4. On or about 7 July 2014, the ATO received a bank cheque for $118,071.62 which was applied in payment of an income tax that was then owed by Ms Alex.
5. On 8 December 2014, a sequestration order was made against the estate of Ms Alex and the trustees were appointed.
The Trustees’ argument
The Trustee argued:
- The loan amount was a preference pursuant to s 122 of the Bankruptcy Act 1966.
- The loan moneys were the property of Ms Alex and City Nominees, and paid to the ATO at their direction.
- The loan moneys therefore vested in the Trustee and were divisible amongst the estate’s creditors.
The ATO’s argument
The ATO argued:
- The loan money was not property of Ms Alex and City Nominees.
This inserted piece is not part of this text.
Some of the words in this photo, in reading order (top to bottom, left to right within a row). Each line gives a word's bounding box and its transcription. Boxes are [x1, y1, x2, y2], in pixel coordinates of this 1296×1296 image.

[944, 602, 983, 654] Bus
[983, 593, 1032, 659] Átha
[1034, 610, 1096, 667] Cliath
- The loan money was held on a Quistclose trust for payment to the ATO, and, in default on trust to be repaid to QAI.
After a review of the authorities, the Court found:
- The loan money was intended to be provided only for the purpose of payment of the ATO and the solicitor. This was in the written loan agreement which indicated that this was the only purpose of the loan and the express intention of the parties.
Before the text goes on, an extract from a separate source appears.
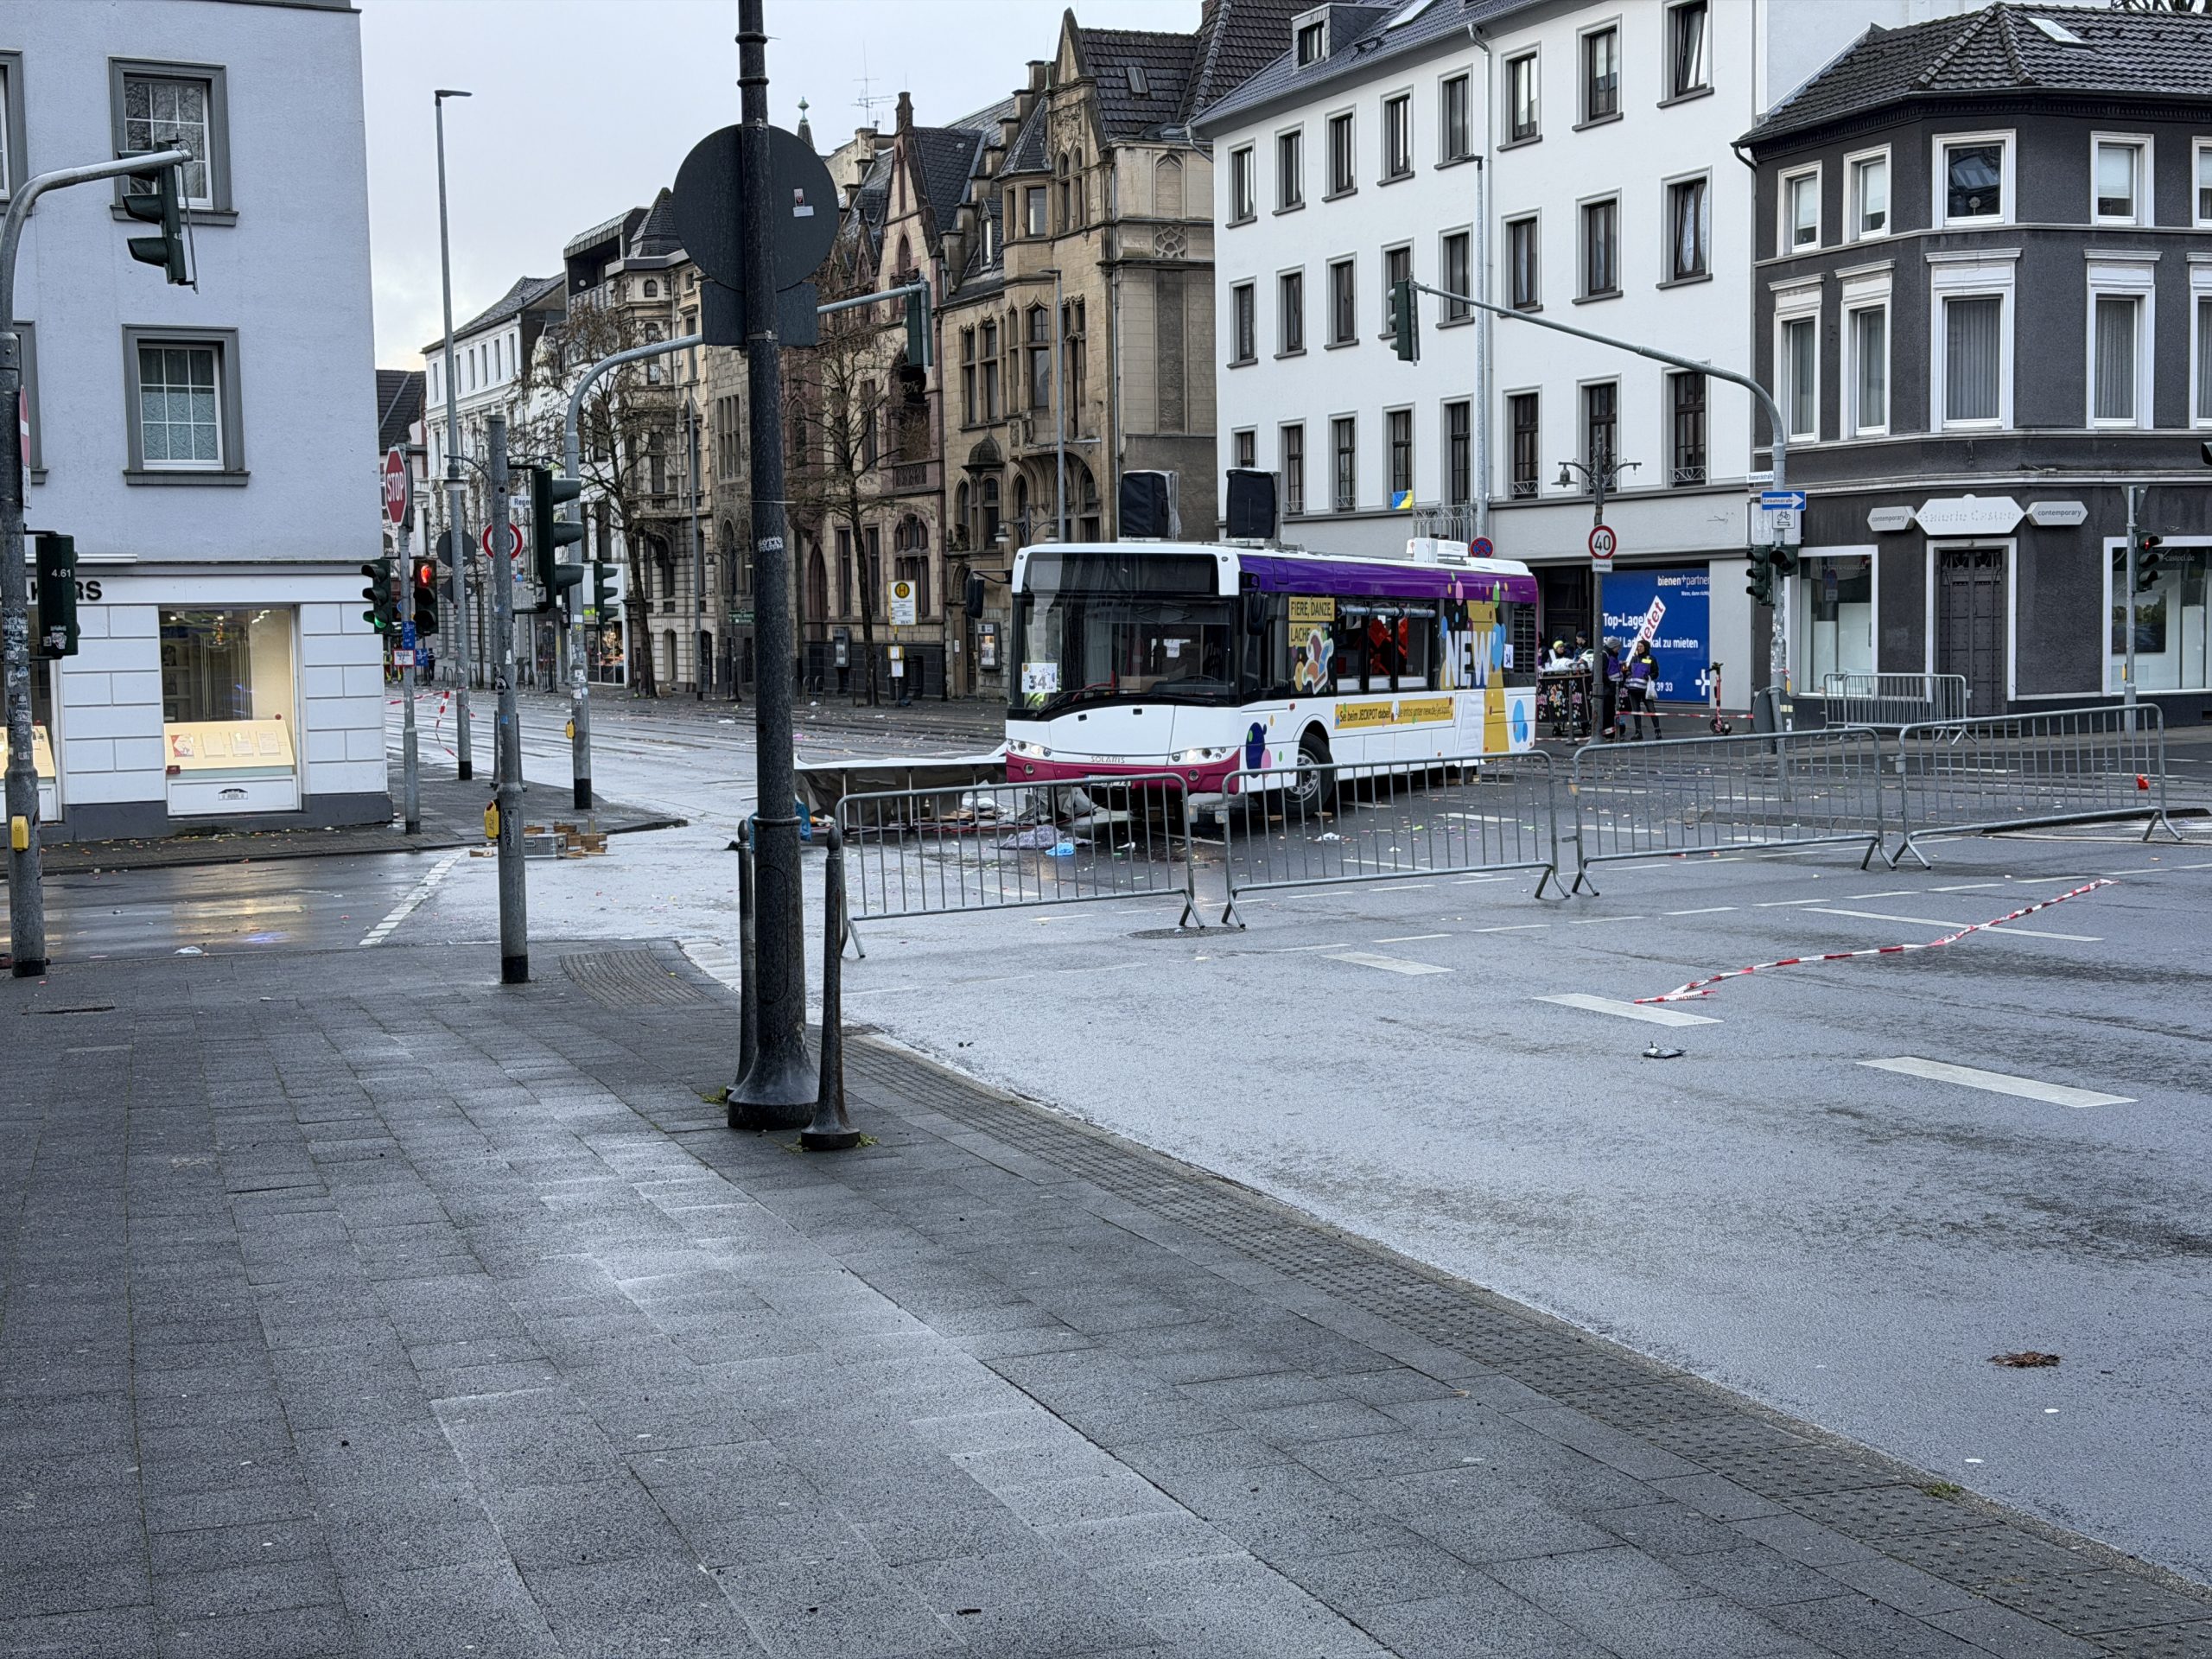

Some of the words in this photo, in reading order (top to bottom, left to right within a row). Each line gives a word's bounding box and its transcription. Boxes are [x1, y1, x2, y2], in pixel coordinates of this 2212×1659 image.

- The substance of the transaction was identical to the Quistclose case save that in Quistclose money was paid into a special purpose bank account whereas in this case QAI sent the cheque directly to the ATO.
- The loan funds did not become the property of Ms Alex and City Nominees and were held on a Quistclose trust.
- The Trustee could not recover the money from the ATO.
In light of this case, it is possible that soon-to-be bankrupts awaiting the hearing of a creditor’s petition and their creditors may engineer situations to avoid the preference provisions of the Bankruptcy Act. The Court considered it significant in this case that loan agreement specifically said the loan was for the sole reason of paying the ATO and the solicitor.
If loan documents are produced in similar circumstances to this case, and:
- expressly outline the intentions of the parties; and
- create a trust;
then it indicates that the creditor of a bankrupt may be successful in defending preference payments brought by the Trustee.
We will be watching with interest to see if this case is appealed.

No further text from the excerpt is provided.